Evidently the soldier understood the digression, for he replied in a tone that would brook no dispute. "No, sir, I couldn't consider it."
"I was afraid so," said the other regretfully, and added, with apparent irrelevance, "I have to live with him, you see."
"Tough luck," commiserated the listener.
Reluctantly summoning his thoughts from the pleasant contemplation of what had seemed to offer a new era of peace, the bard turned to his story.
"A few hours later," he continued, "I had a telephone call from Drayle's wife, and I realized from the fright in her voice that something dreadful had happened. She asked me to come to the house at once. Chris had been hurt. But she disconnected before I could ask for details. I started immediately and I wondered as I drove what disaster had overtaken him. Anything, it seemed to me, might have befallen in that room of miracles. But I was not prepared to find that Drayle had been shot and wounded.
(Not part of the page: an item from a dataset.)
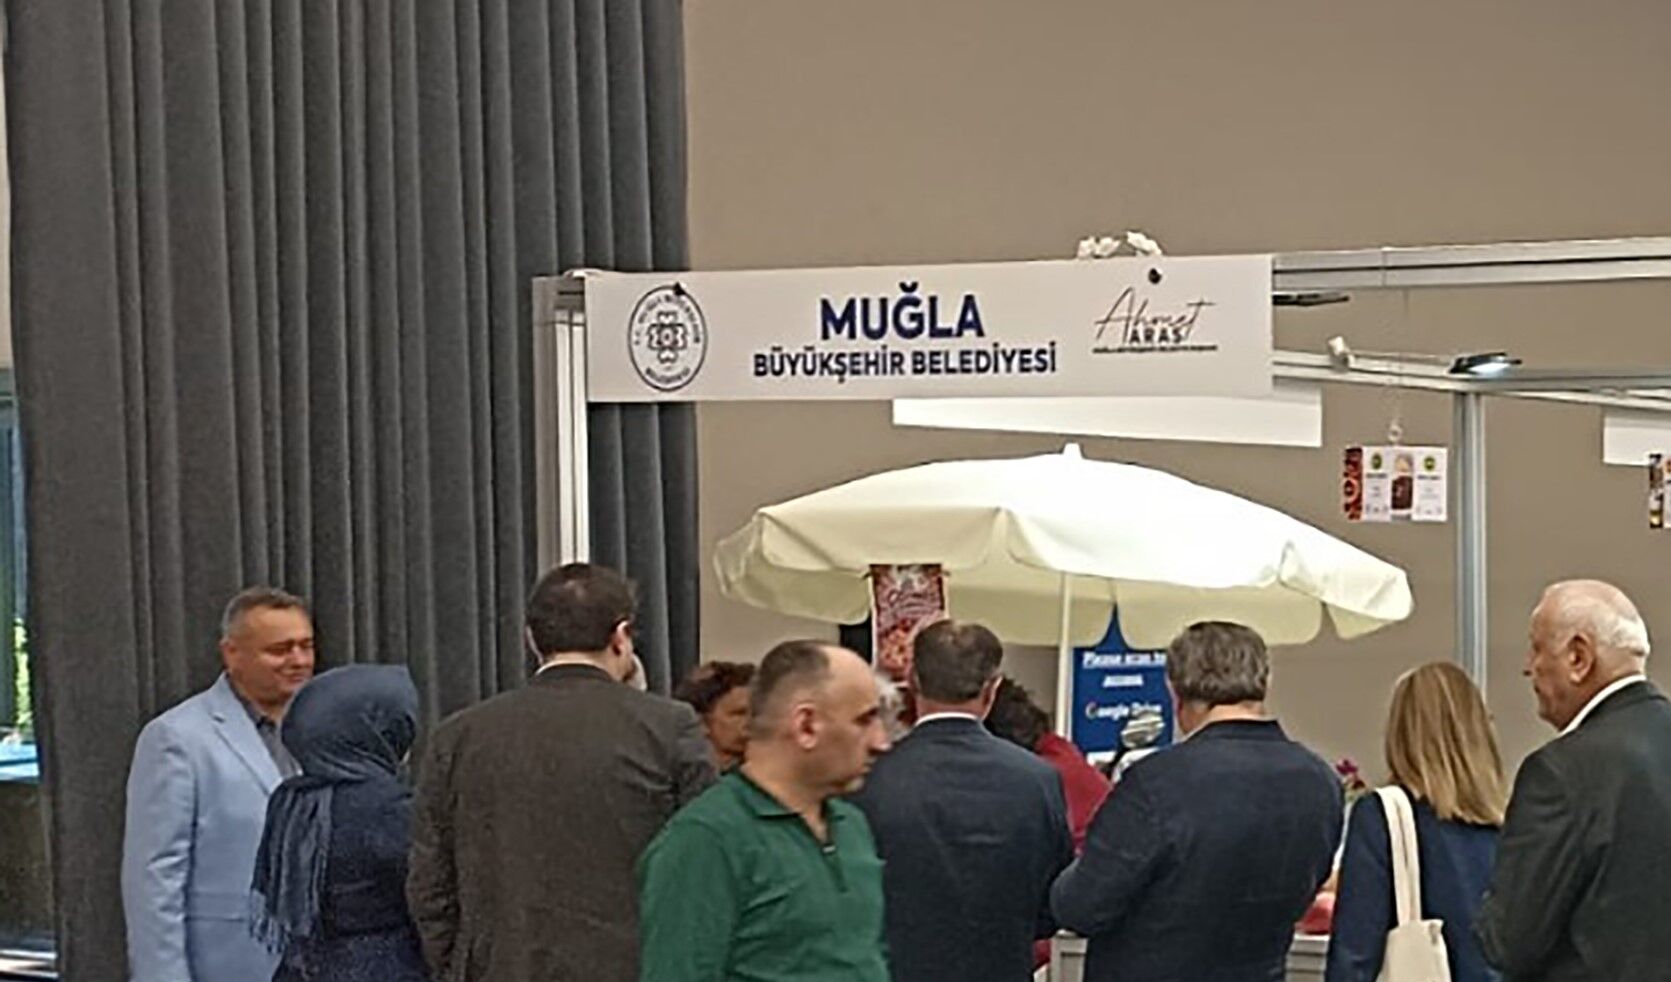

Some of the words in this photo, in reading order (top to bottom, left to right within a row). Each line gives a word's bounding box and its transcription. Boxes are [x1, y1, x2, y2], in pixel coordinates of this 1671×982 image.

"The police were before me and already questioning the assailant, Mrs. Farrel, a fiery tempered young Irish-woman. When I entered the room she was repeating half-hysterically her explanation that Drayle had killed her husband in the laboratory that morning.
"‘Right before my eyes, I seen it,' she shouted. 'Harry was standing on a sort of platform looking at a big machine like, and so help me he didn't have a stitch of clothes on, and I started to say something, but all at once there came a terrible sort of screech and a flash like lightnin' kinda, in front of him. Then Harry turns into a sort of thick smoke and I can see right through him like he was a ghost; and then the smoke gets sucked into a big hole in the machine and I know Harry's dead. And here's this man what done it, just a standin' there, grinnin' horrid. So something comes over me all at once and I points Harry's gun at him and pulls the trigger!'
"Even before the woman had finished I recalled what I seen one afternoon in Drayle's laboratory many months before. I had been there for some time watching him when he placed a small tumbler on a work table and asked me if I had ever seen glass shattered by the vibrations of a violin. I told him that I had, but he went through the demonstration as if to satisfy himself. Of course when he drew a bow across the instrument's strings and produced the proper pitch the goblet cracked into pieces exactly as might have been expected. And I wondered why Drayle concerned himself with so childish an experiment before I noticed that he appeared to have forgotten me completely.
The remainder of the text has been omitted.